This reference processor has eight special purpose registers: *IR*, *PC*, *TS*, *SP*, *FP*, *NX*, *FF* and AA

- IR : Instruction Register
- PC : Program Counter register
- TS: Top of Stack register
- SP : Stack Pointer register
- *FP* : Frame Pointer register
- NX : First temporary register
- FF : Second temporary register
- AA : Array Allocation register

The *TS* register stores the top of stack value. The *SP* register stores the pointer to the second value in the stack (below the top of stack). *FP* register, as its name, keeps the frame pointer. *NX* and *FF* registers are used when some instruction needs a temporary storage during computing the result from ALU. The AA register stores the array pointer for dynamic memory allocation. The data path consists of one ALU that connects to the register bank and the result from ALU is connected to *tbus* and *tbus* connects to the register bank.

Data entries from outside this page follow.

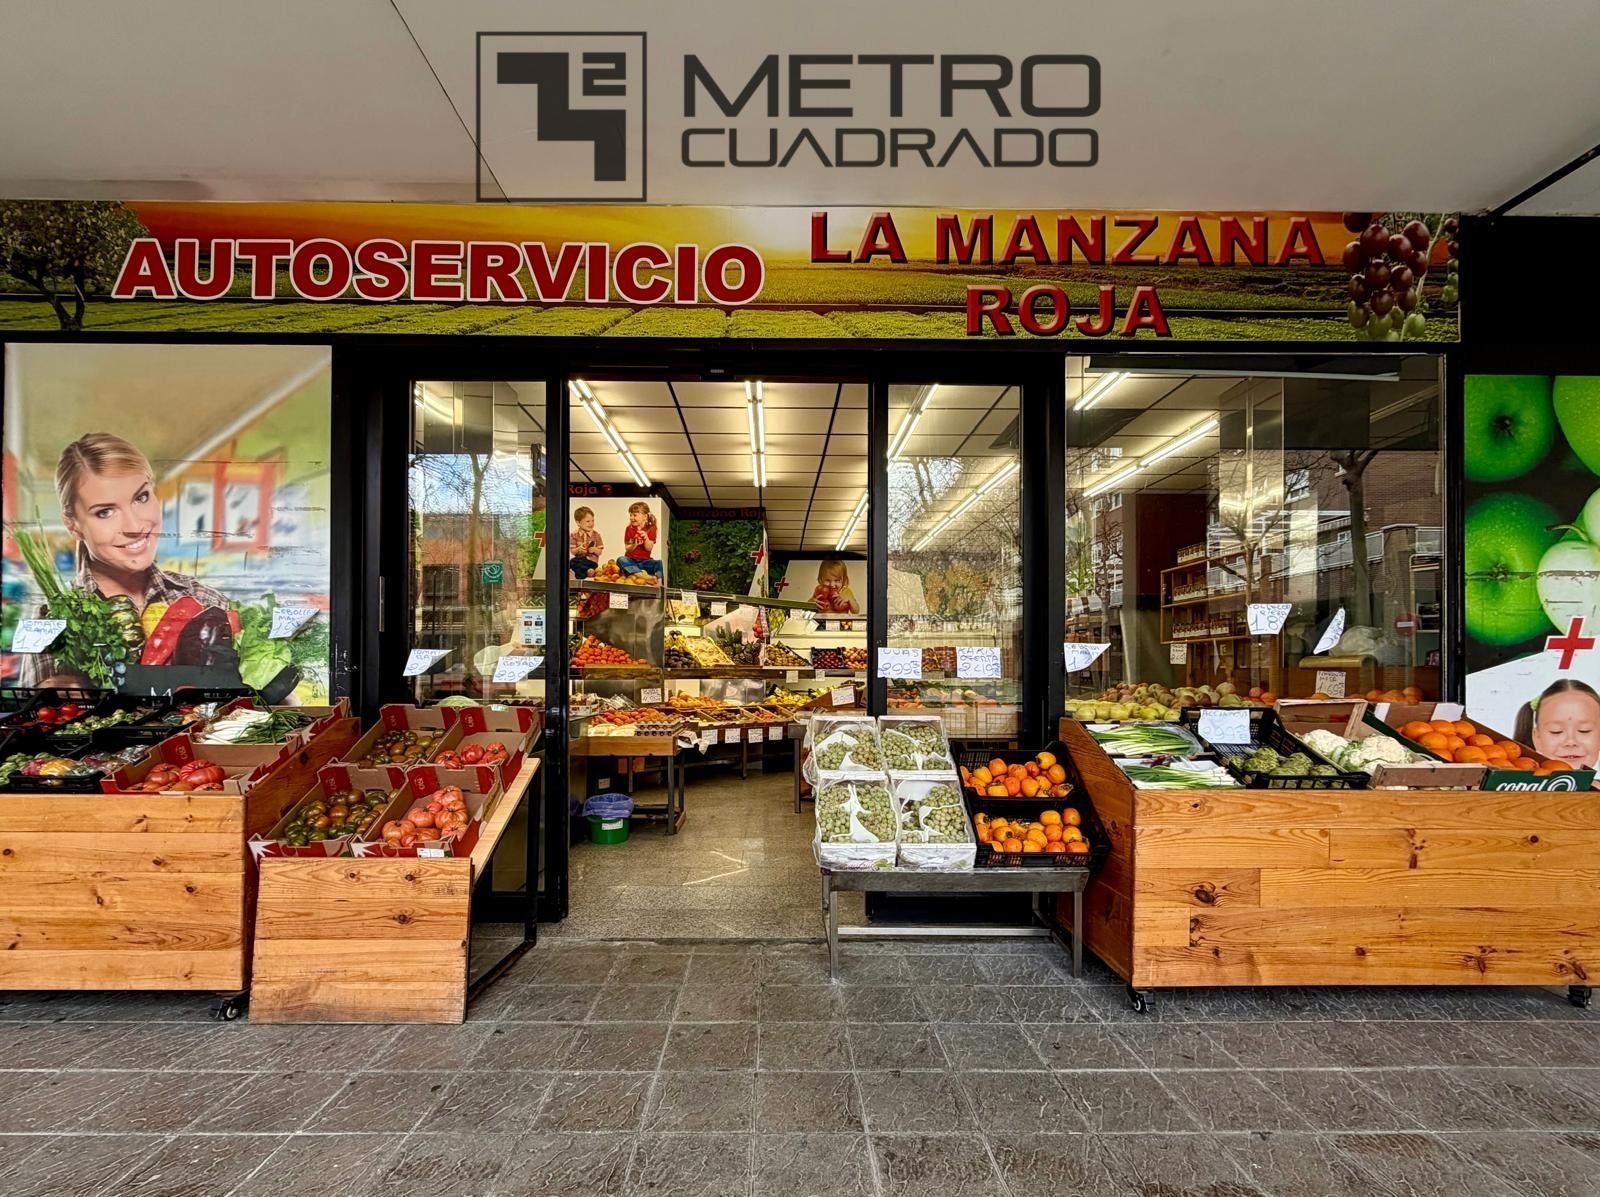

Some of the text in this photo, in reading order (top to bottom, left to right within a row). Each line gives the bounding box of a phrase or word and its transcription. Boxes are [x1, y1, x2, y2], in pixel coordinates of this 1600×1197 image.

[810, 211, 1326, 267] LA MANZANA
[111, 238, 765, 305] AUTOSERVICIO
[965, 284, 1173, 337] ROJA
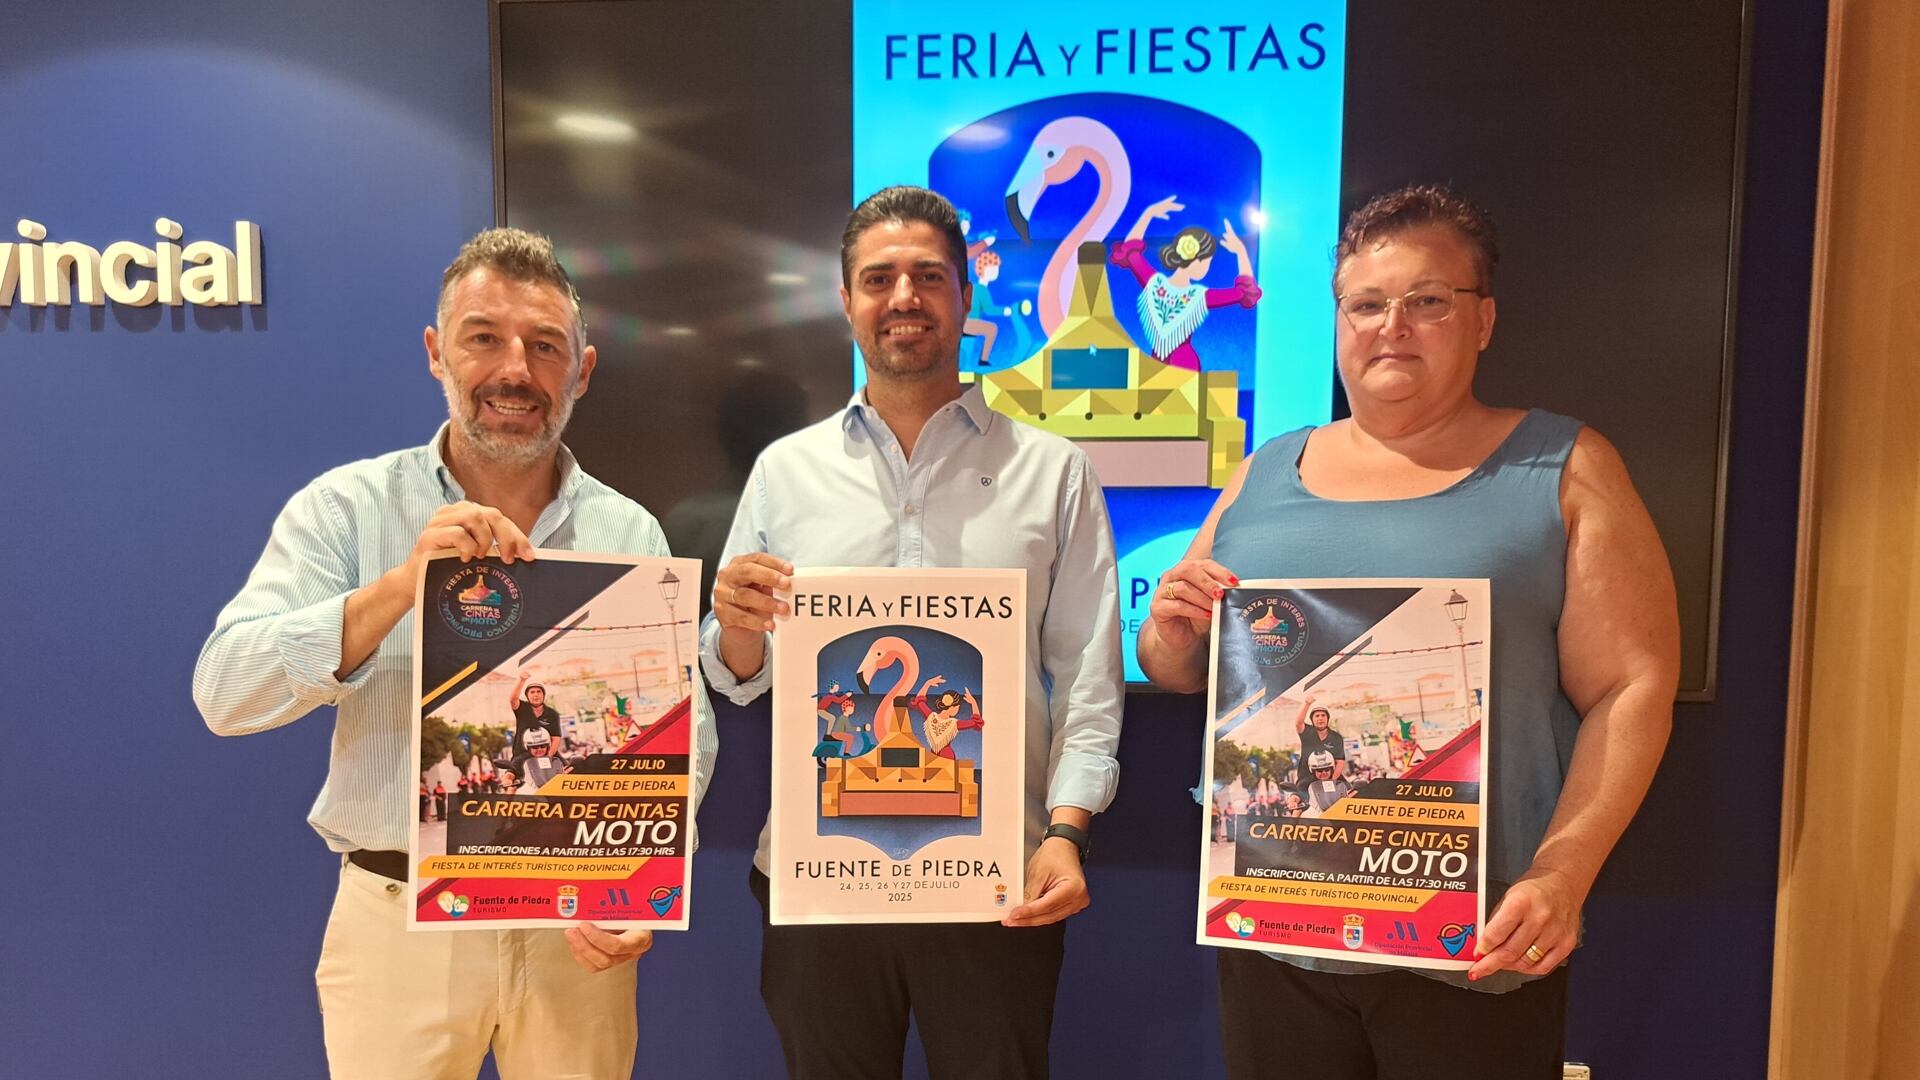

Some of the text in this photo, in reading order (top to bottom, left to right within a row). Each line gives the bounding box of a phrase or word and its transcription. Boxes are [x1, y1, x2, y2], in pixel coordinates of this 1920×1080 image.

[885, 22, 1327, 80] FERIA Y FIESTAS
[446, 568, 473, 591] FIESTA
[476, 566, 489, 574] DE
[465, 610, 501, 619] CINTAS
[794, 595, 1013, 619] FERIA Y FIESTAS
[470, 617, 498, 625] MOTO
[611, 759, 666, 770] 27 JULIO
[561, 780, 676, 791] FUENTE DE PIEDRA
[1396, 784, 1453, 798] 27 JULIO
[461, 800, 680, 819] CARRERA DE CINTAS
[1345, 804, 1465, 820] FUENTE DE PIEDRA
[573, 820, 677, 846] MOTO
[1249, 822, 1470, 850] CARRERA DE CINTAS
[458, 845, 676, 857] INSCRIPCIONES A PARTIR DE LAS 17:30 HRS
[432, 860, 631, 872] FIESTA DE INTERÉS TURÍSTICO PROVINCIAL
[795, 860, 1002, 878] FUENTE DE PIEDRA
[1358, 847, 1468, 878] MOTO
[1245, 867, 1467, 890] INSCRIPCIONES A PARTIR DE LAS 17:30 HRS
[840, 883, 854, 892] 24,
[859, 882, 873, 891] 25,
[877, 882, 889, 890] 26
[1220, 883, 1419, 905] FIESTA DE INTERÉS TURÍSTICO PROVINCIAL
[473, 896, 551, 905] Fuente de Piedra
[888, 893, 912, 902] 2025
[1259, 920, 1336, 935] Fuente de Piedra

The *PC* register is designed with an auto- increment module, so fetching instruction can be done in one clock cycle. It also can be loaded with the value *PC+arg* or *tbus*. The memory interface is through Bus Interface Unit (BIU). The BIU connects data input (*din*) and output (*dout*) from to memory. The *din* can be selected from *TS* or *FP*. ALU is connected with two multiplexers *p1* and *p2* which *p1* interfaces to four registers *TS*, *SP*, *FP* and *NX* and *p2* links with *FF* and the instruction argument value.

## 3. INSTRUCTION PACKING

In the design of the processor's structure with packed instruction, the first point that needs consideration is the instruction set. How to put many instructions into one unit of instruction so that we can fetch them in one cycle?

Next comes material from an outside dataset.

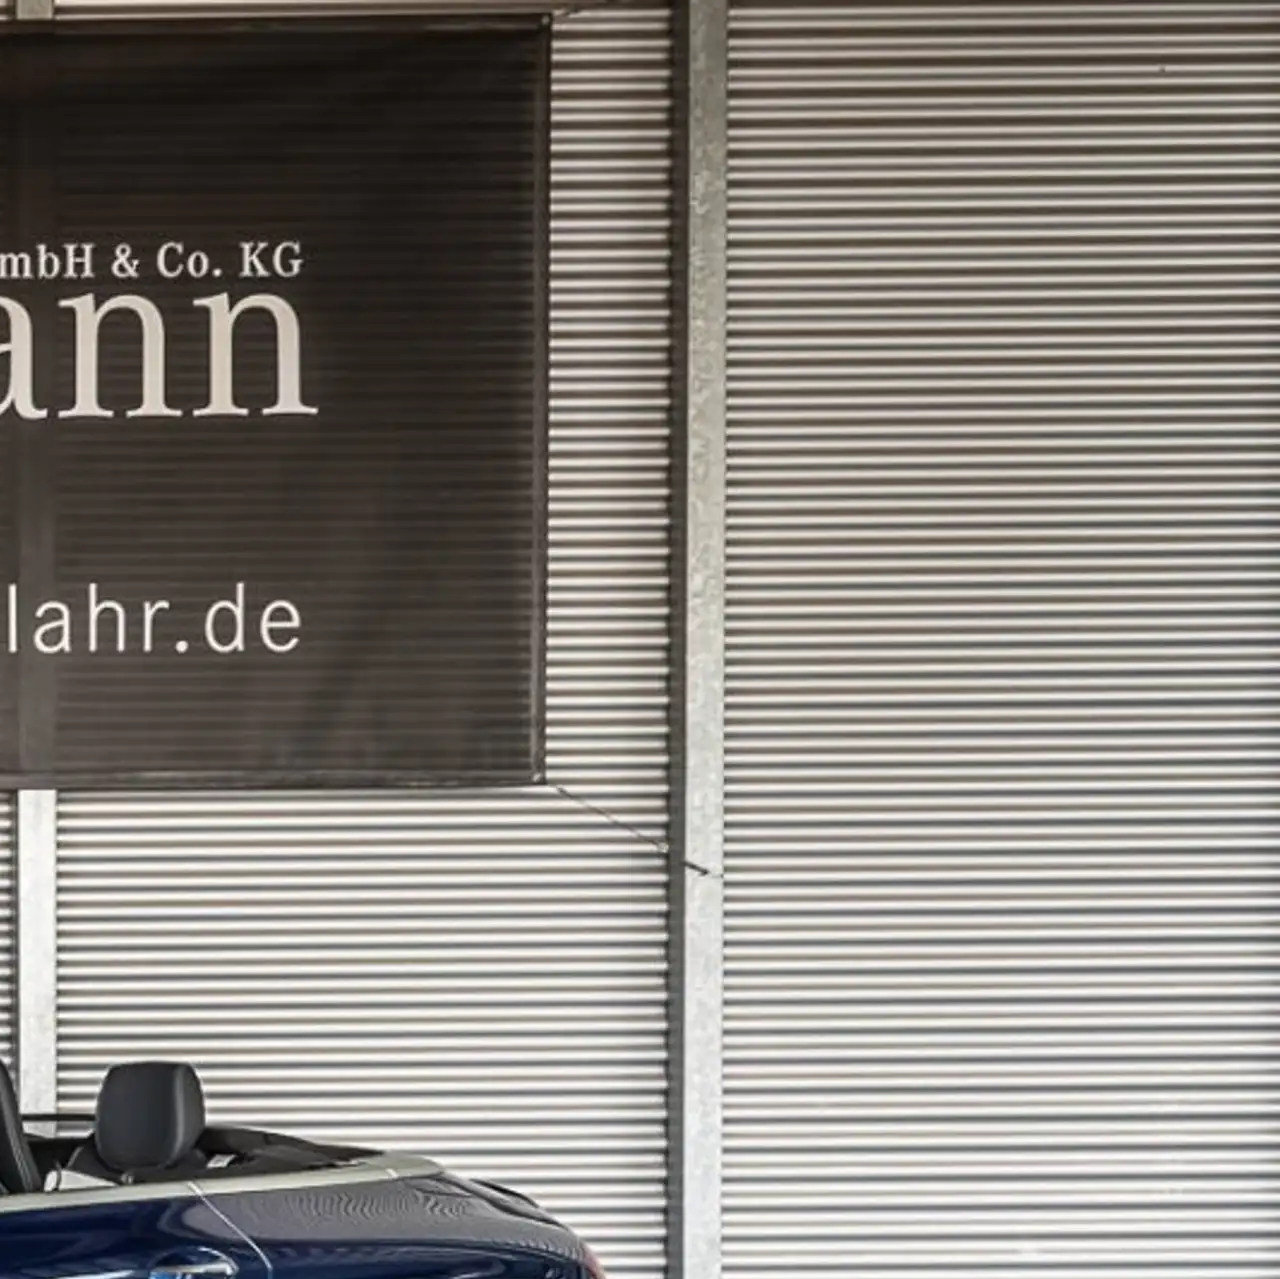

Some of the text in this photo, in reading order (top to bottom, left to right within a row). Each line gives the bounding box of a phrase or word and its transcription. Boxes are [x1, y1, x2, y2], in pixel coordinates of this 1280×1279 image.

The main idea of this design is demonstrated as follows. The base instruction set was designed with byte-code format. The instructions are divided into group according to the size of the operand. There are three patterns: zero operand, one-byte operand and three-byte operand as seen in Figure 1.

In this paper, we call the above pattern as follows:

- 1. Zero operand: S-format (one byte opcode)
- 2. One-byte operand: M-format (one-byte opcode, one-byte operand)

3. Three-byte operand: L-format (one-byte opcode, three-byte operand)

As they are variable size instructions and the reference processor fetches at word boundary, there are many waste blank space in the instruction of S-format and M-format (each instruction is allocated four bytes in memory even though the size of those instructions are different).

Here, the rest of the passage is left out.